=== Section Start ===

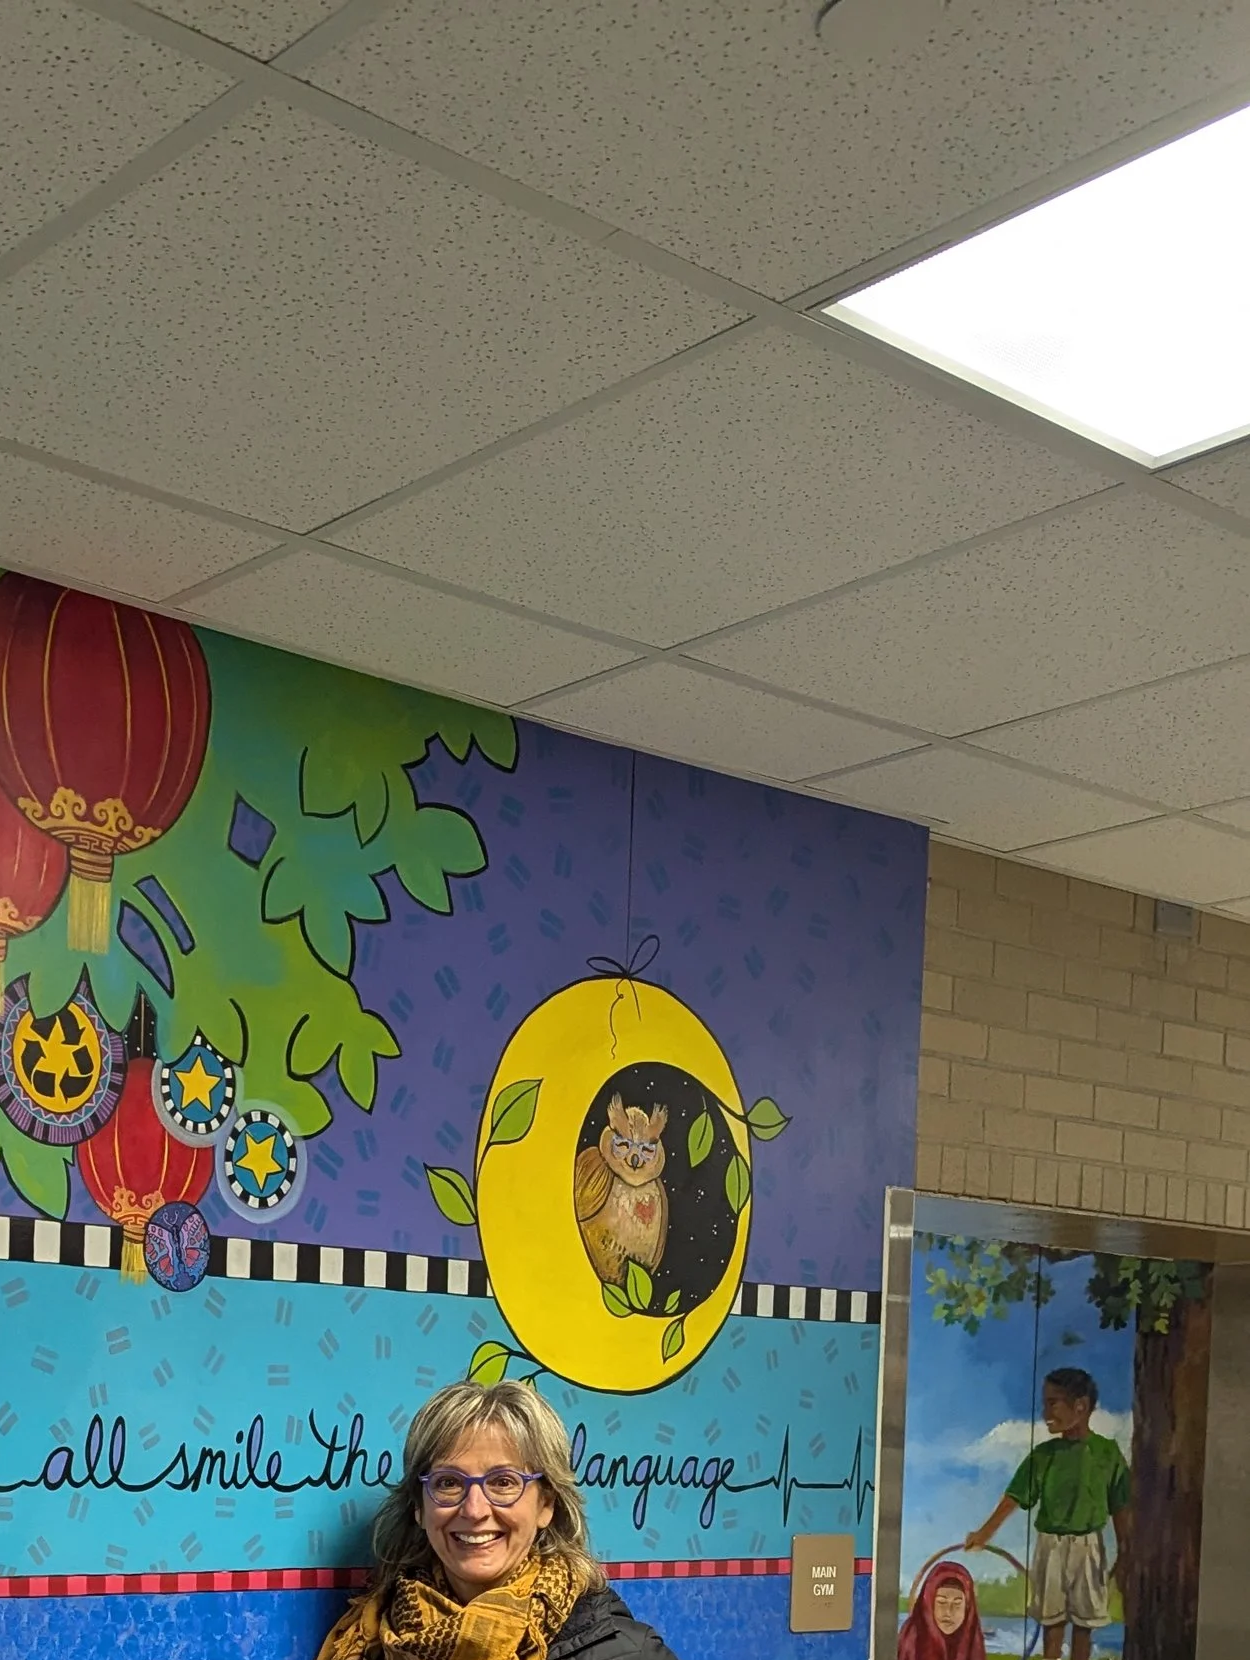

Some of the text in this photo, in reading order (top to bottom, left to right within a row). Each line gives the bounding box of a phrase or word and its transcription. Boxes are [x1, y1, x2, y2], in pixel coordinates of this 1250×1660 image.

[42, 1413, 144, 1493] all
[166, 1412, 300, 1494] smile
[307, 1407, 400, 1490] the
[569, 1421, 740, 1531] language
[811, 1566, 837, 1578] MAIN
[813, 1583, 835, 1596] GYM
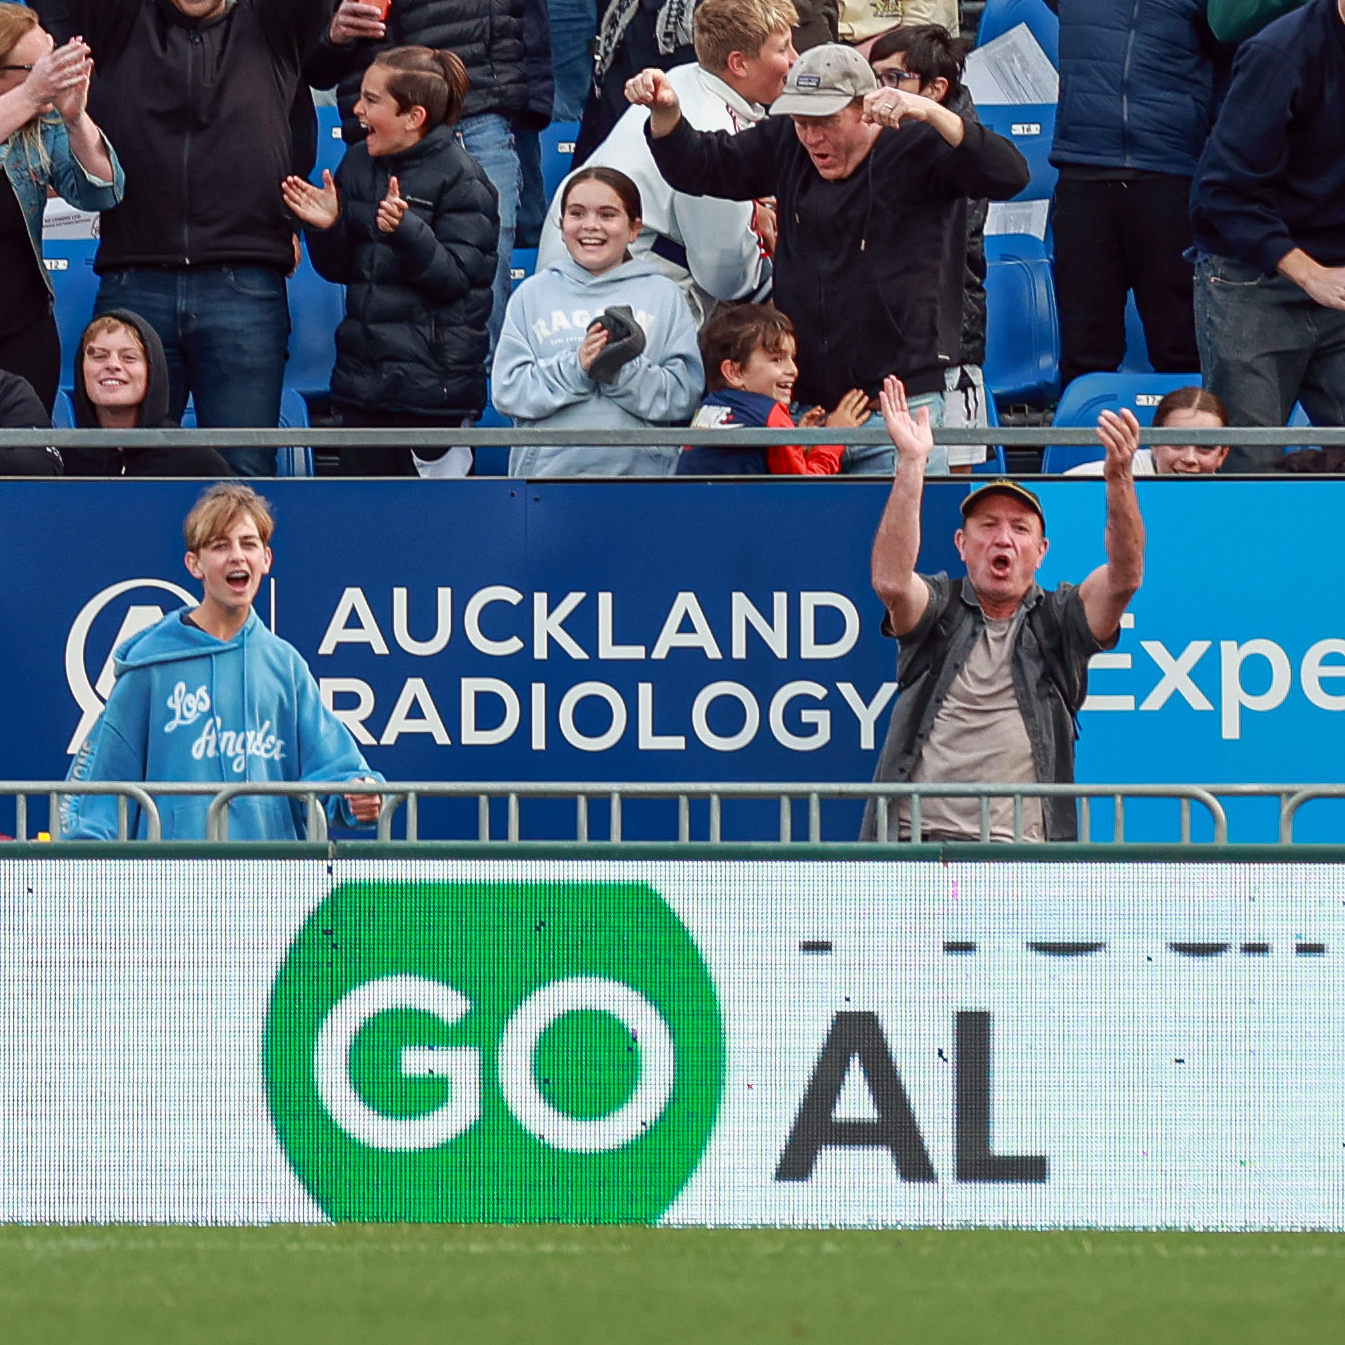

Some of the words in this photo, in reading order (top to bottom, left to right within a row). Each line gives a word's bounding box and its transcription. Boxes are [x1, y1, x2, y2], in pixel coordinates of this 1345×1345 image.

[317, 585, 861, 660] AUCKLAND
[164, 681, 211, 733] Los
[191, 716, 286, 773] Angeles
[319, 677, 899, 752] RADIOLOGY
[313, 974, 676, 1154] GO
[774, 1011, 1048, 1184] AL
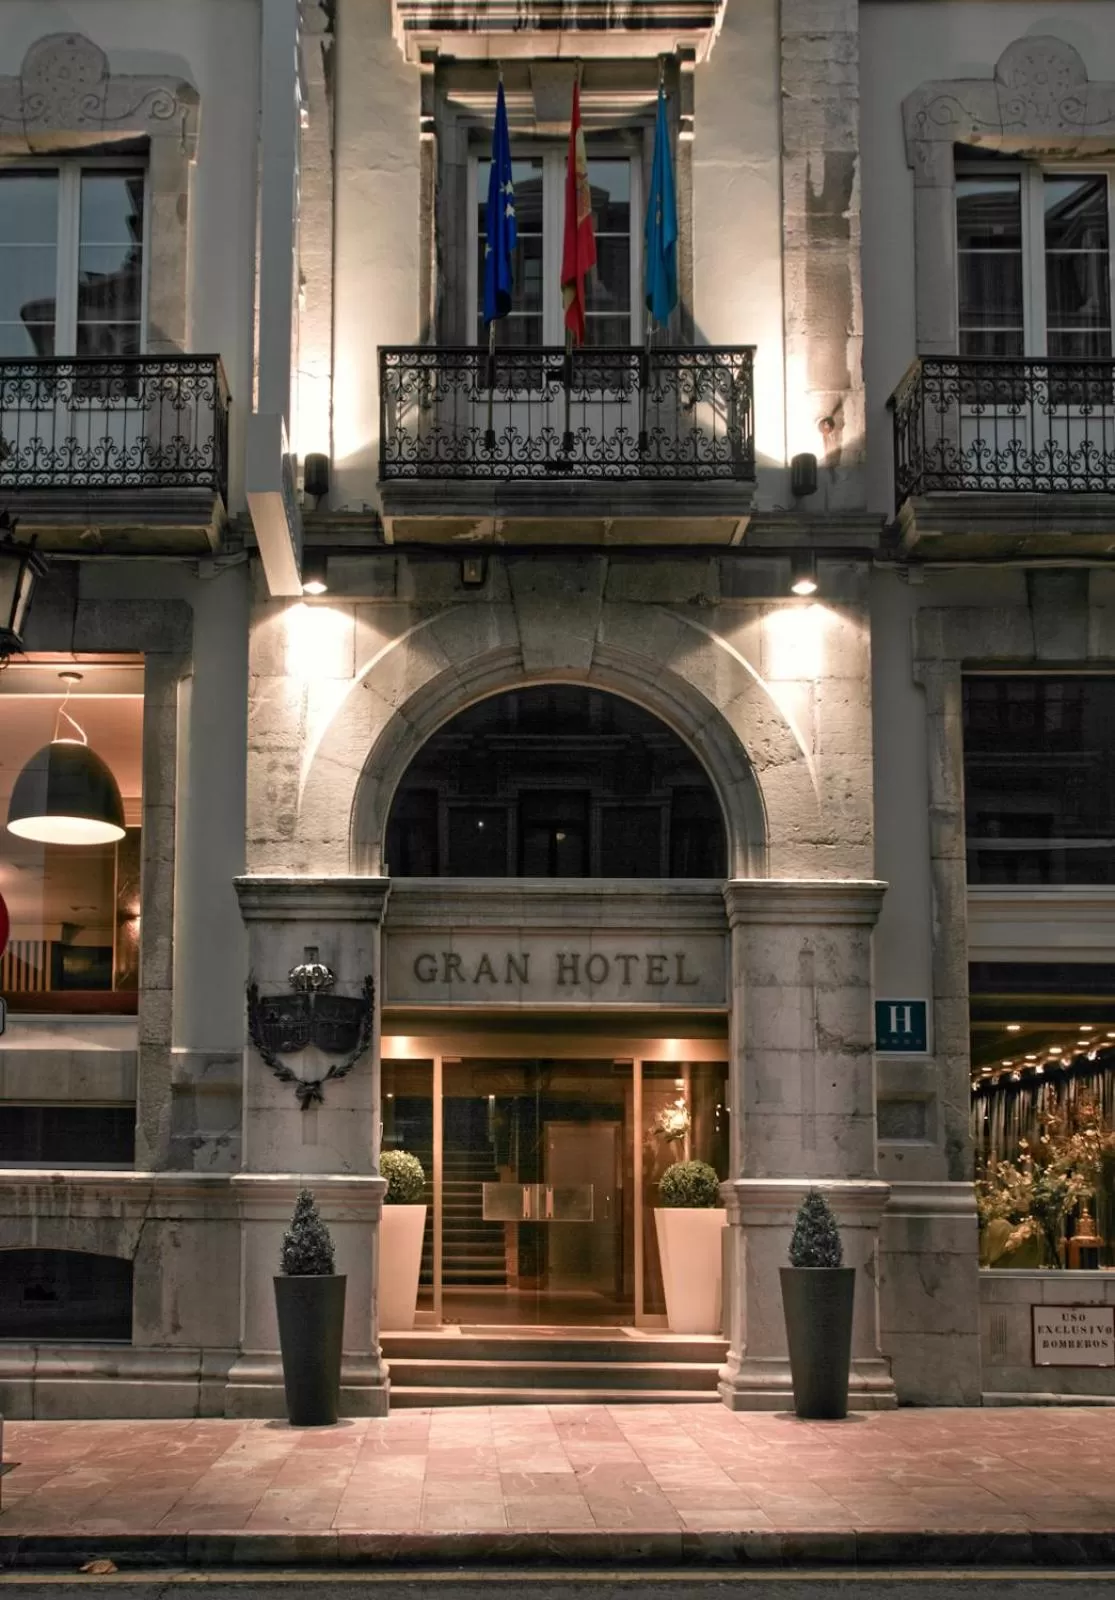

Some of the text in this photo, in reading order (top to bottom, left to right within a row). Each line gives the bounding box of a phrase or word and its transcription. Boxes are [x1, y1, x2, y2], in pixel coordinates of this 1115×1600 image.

=== Section End ===

Assignment –
Exact copy, no pictures: reproduce the whole listing above.

The answer –
Some of the text in this photo, in reading order (top to bottom, left to right within a row). Each line gives the bounding box of a phrase or word and its transcription. Boxes are [x1, y1, x2, y2], in pixel coordinates of this 1250×1660 image.

[42, 1413, 144, 1493] all
[166, 1412, 300, 1494] smile
[307, 1407, 400, 1490] the
[569, 1421, 740, 1531] language
[811, 1566, 837, 1578] MAIN
[813, 1583, 835, 1596] GYM

Some of the words in this photo, in reading order (top to bottom, left to right within a row). Each line gives a word's bounding box and its transcription. Boxes are [x1, y1, x2, y2], in pixel coordinates of this 1345×1345 image.

[317, 585, 861, 660] AUCKLAND
[164, 681, 211, 733] Los
[191, 716, 286, 773] Angeles
[319, 677, 899, 752] RADIOLOGY
[313, 974, 676, 1154] GO
[774, 1011, 1048, 1184] AL

Some of the text in this photo, in reading order (top to bottom, left to right within a row). Each line gives the bounding box of a phrase or word and its transcription. Boxes are [x1, y1, x2, y2], in pixel coordinates of this 1115×1600 image.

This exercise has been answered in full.